* _What is required_
Leave out the images and output the records word for word.

* _Records for processing_
————————

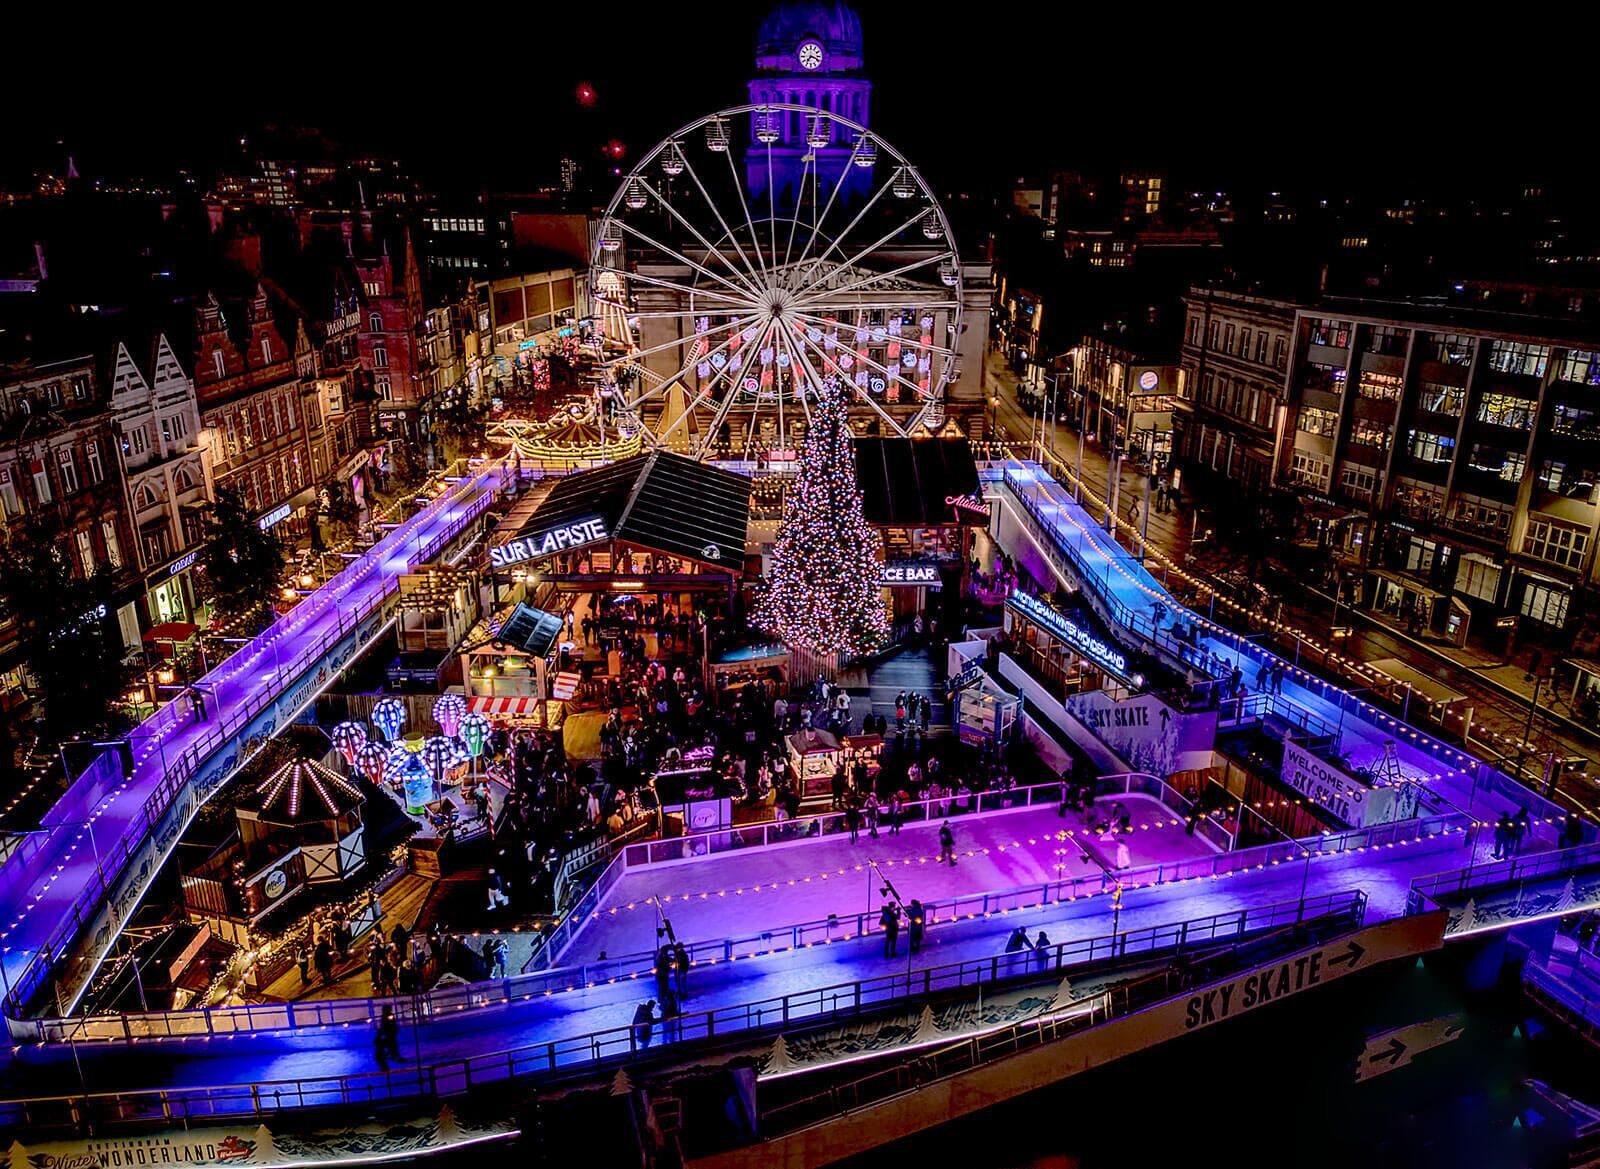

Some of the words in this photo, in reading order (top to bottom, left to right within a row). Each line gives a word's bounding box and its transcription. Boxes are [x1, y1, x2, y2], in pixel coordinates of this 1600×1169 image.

[490, 540, 530, 567] SUR
[906, 567, 935, 580] BAR
[1093, 708, 1111, 728] SKY
[1114, 706, 1149, 727] SKATE
[1288, 749, 1344, 792] WELCOME
[1293, 771, 1314, 795] SKY
[1315, 785, 1349, 819] SKATE
[1185, 983, 1236, 1029] SKY
[1243, 951, 1324, 1009] SKATE
[44, 1153, 99, 1169] Winter
[97, 1144, 217, 1168] WONDERLAND
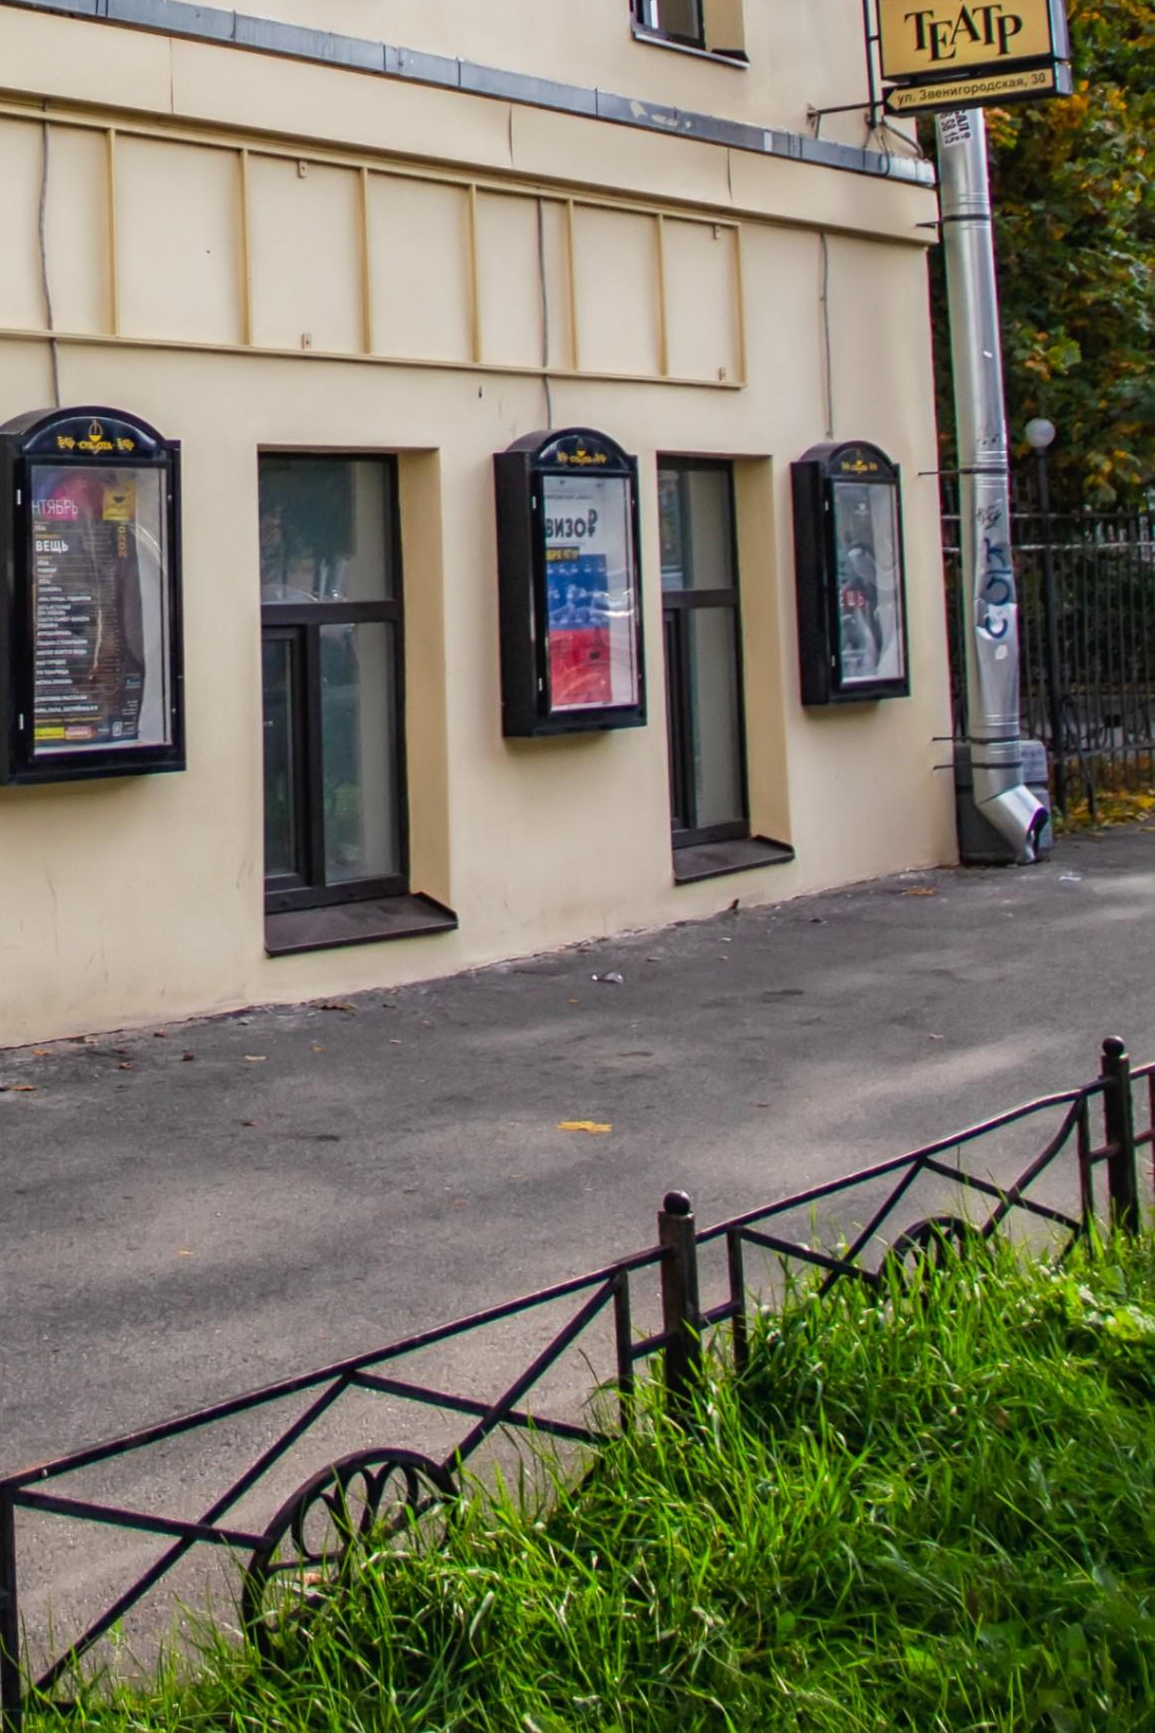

————————

* _Problem solution_
Some of the words in this photo, in reading order (top to bottom, left to right within a row). Each line gives a word's bounding box and its transcription. Boxes are [x1, y1, x2, y2], in pixel coordinates of this 1600×1169 image.

[490, 540, 530, 567] SUR
[906, 567, 935, 580] BAR
[1093, 708, 1111, 728] SKY
[1114, 706, 1149, 727] SKATE
[1288, 749, 1344, 792] WELCOME
[1293, 771, 1314, 795] SKY
[1315, 785, 1349, 819] SKATE
[1185, 983, 1236, 1029] SKY
[1243, 951, 1324, 1009] SKATE
[44, 1153, 99, 1169] Winter
[97, 1144, 217, 1168] WONDERLAND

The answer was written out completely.